Einst gab es den weiblichen Akt. Er war allgegenwärtig in der Kunst. Heute hat sich das geändert. Es gibt diese Kunst zwar noch immer in unseren Museen. Da räkeln sich in goldenen Bilderrahmen nackte Nymphen, auf marmornen Sockeln posieren entblösste Liebesgöttinnen. Aber heute geht es nicht mehr um den weiblichen Akt, wenn man diese Werke betrachtet. Heute spricht man vom männlichen Blick.

In ein altes Weltbild, das Idealbilder von Frauen schuf, hat sich ein neues Bewusstsein geschoben. Man betrachtet heute einen Frauenakt und stellt plötzlich fest, dass er einst vor allem für die Bedürfnisse eines männlichen Publiku*ms geschaffen wurde. Dieser Blickwandel lässt sich derzeit an einem der klassischsten Bildhauer der Moderne nachvollziehen. Die Ausstellung zu Aristide Maillol (1861–1944) im Kunsthaus Zürich zeigt einen Künstler, der sein Schaffen wie kein anderer seiner Zeit der traditionellen Kunst des Akts verschrieben hatte.

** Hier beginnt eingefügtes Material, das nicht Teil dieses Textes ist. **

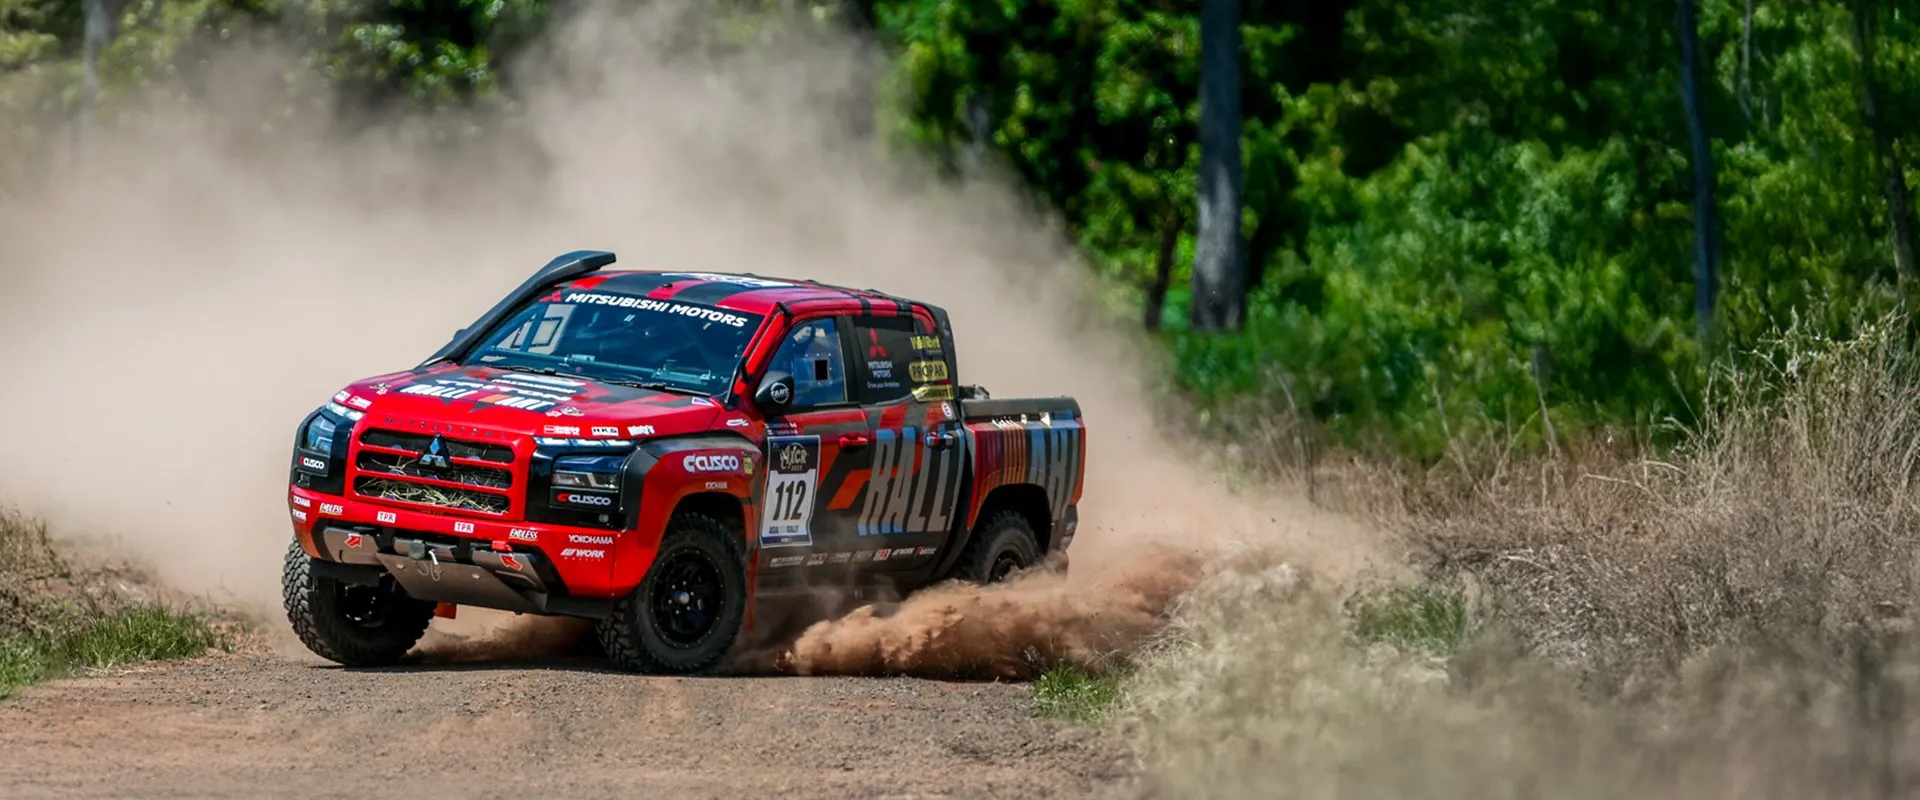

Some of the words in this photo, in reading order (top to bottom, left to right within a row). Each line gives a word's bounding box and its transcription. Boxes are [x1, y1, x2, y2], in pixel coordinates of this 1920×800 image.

Der Blick einer Frau auf Maillol

Der weibliche Körper war Maillols Lebensthema. Noch in den zwanziger Jahren des letzten Jahrhunderts inszenierte er den Frauenakt in meisterhafter Monumentalität. Künstler wie Jacques Lipchitz oder Henri Laurens begannen damals die klassische Aktfigur kubistisch aufzubrechen. Maillol hingegen hielt an der Formensprache des 19.Jahrhunderts fest.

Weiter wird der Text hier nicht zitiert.